While COVID-19 accelerated the need for virtual learning, the demand was already there among many students, said Sidne Ward, associate dean of the Bloch School who serves as the school’s liaison on the renovation project. She expects it will only increase once the pandemic fades away.
“Our students are working full time. They might be traveling,” Ward said. “They might be in the classroom sometimes, but there might be a time when they’re sitting in Chicago in a hotel room.”
Other students are juggling children with work and school and having the option to take classes remotely — at least part of the time — may be the only way they can pursue a business degree. The renovated classrooms will give students the ability to have as much remote learning as they need, while still providing a top-notch campus environment.

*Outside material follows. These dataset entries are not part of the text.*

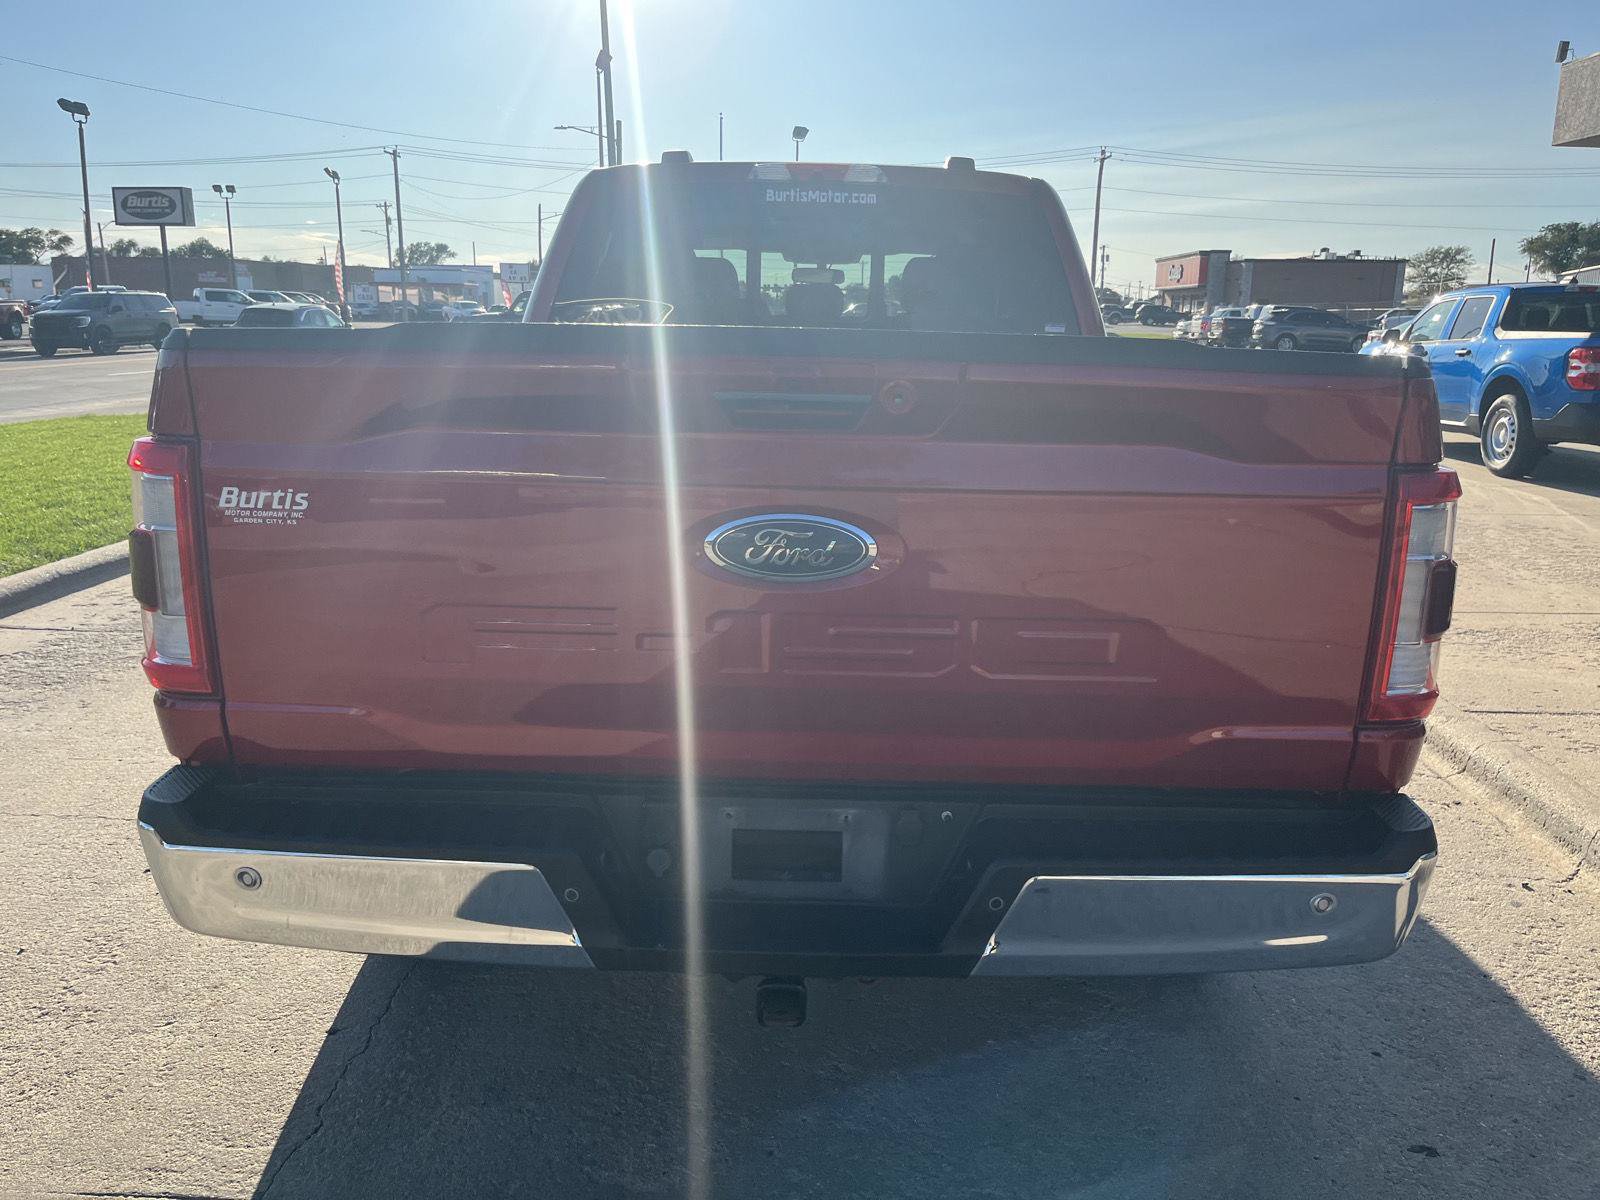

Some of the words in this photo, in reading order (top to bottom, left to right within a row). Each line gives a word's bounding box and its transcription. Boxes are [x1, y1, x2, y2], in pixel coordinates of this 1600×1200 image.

[127, 195, 170, 207] Burtis
[766, 188, 877, 204] BurtisMotor.com
[219, 486, 309, 510] Burtis
[252, 510, 288, 518] COMPANY,
[745, 528, 837, 566] Ford

The improvements will put Bloch ahead of many business schools around the country.
“Some very impressive schools are making these kinds of investments, but it’s not commonplace,” Klaas said.
Ultimately, he hopes the changes in the learning environment the renovation will give the Bloch School the ability to attract more students and meet its goal to double in size by 2029. Over the last three years, enrollment has grown by 15 percent to include about 2,000 undergraduate and graduate students.
A Linked School
In addition to improving technology to enable better virtual learning, the expanded Bloch Heritage Hall will get redesigned classroom spaces, including additional small rooms where students can gather to meet on projects, and some additional larger classroom spaces, which have been in short supply at the school. One of those larger classrooms will be added underground and include a corridor to physically link Bloch Heritage Hall to its neighbor, Bloch Executive Hall.

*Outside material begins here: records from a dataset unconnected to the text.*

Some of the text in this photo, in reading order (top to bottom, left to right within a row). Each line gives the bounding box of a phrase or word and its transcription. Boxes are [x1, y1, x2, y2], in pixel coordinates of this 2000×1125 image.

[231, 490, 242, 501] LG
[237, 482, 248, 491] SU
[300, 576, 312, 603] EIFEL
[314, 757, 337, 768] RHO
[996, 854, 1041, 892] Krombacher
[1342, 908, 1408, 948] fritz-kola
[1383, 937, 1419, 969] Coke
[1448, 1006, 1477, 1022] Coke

Boosters of the project promise that the two buildings will be linked in more ways than just a corridor, however. The Heritage Hall makeover will maintain design elements that respect the architectural style of the century-old Shields Mansion. But the completed project will also infuse Heritage Hall with the 21st century sophistication that Executive Hall is known for.
When supporters and dignitaries gather to cut the ribbon and ceremonially open the new building on July 30, 2022, the anniversary of Henry Bloch’s 100th birthday, Klaas is confident that the completed project will achieve one of the Bloch School’s ongoing aspirations. The newly linked, modern campus will be something that Henry Bloch would be proud of.
“Henry was about the Bloch School supporting the needs of Kansas City,” said Klaas. “He was about the Bloch School helping Kansas City be prosperous, healthy and strong. What this building is going to do is help us provide better educational opportunities to more students. That in turn is going to support employers, making them more successful by building the talent pool in Kansas City.”